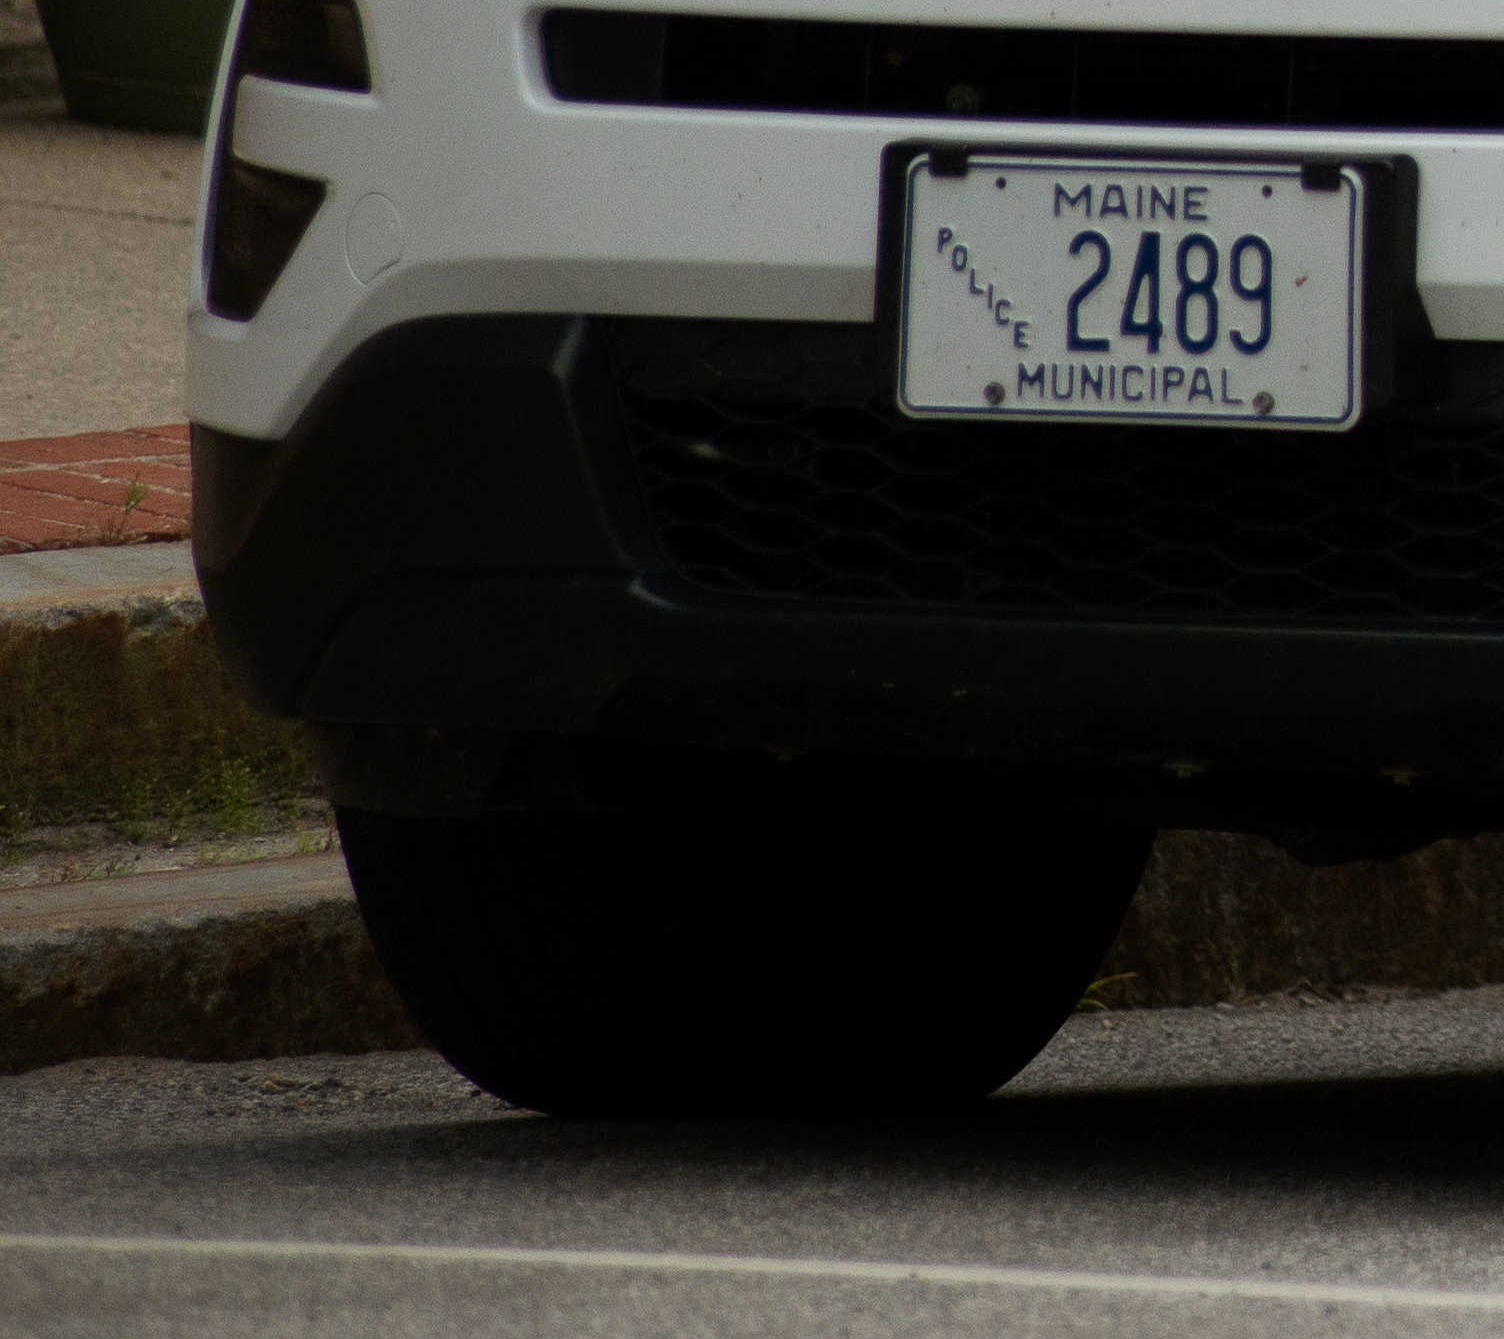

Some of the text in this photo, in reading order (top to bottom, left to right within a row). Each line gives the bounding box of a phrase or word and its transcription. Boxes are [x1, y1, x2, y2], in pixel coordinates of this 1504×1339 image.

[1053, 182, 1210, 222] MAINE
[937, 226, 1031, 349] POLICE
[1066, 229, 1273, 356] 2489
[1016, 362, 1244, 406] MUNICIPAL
+--
EXERCISE DIRECTIONS = The entries above are to be reproduced exactly, with the pictures dropped.

WRITTEN SOLUTION =
Some of the text in this photo, in reading order (top to bottom, left to right within a row). Each line gives the bounding box of a phrase or word and its transcription. Boxes are [x1, y1, x2, y2], in pixel coordinates of this 1504×1339 image.

[1053, 182, 1210, 222] MAINE
[937, 226, 1031, 349] POLICE
[1066, 229, 1273, 356] 2489
[1016, 362, 1244, 406] MUNICIPAL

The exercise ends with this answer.